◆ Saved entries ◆
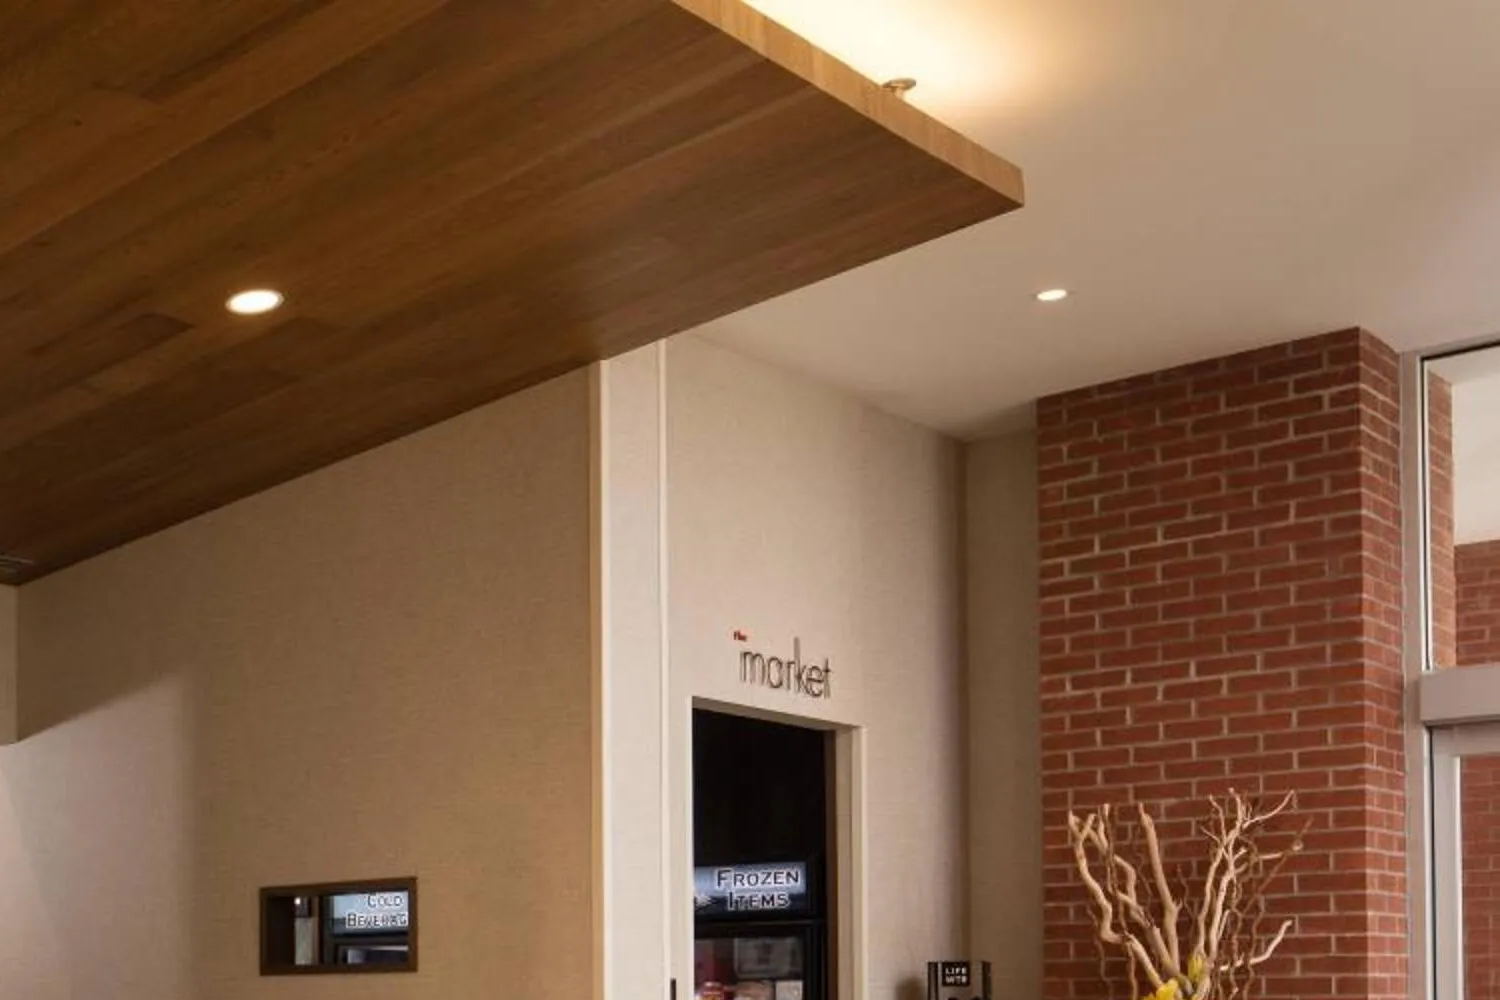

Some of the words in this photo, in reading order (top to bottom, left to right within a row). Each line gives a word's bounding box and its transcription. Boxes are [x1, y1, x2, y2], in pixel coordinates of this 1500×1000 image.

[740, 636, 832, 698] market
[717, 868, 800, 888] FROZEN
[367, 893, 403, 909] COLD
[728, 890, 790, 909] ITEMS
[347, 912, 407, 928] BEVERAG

◆ Aim of the exercise ◆
Could you restate the entries word for word, skipping any pictures?

◆ Solution to the exercise ◆
Some of the words in this photo, in reading order (top to bottom, left to right within a row). Each line gives a word's bounding box and its transcription. Boxes are [x1, y1, x2, y2], in pixel coordinates of this 1500×1000 image.

[740, 636, 832, 698] market
[717, 868, 800, 888] FROZEN
[367, 893, 403, 909] COLD
[728, 890, 790, 909] ITEMS
[347, 912, 407, 928] BEVERAG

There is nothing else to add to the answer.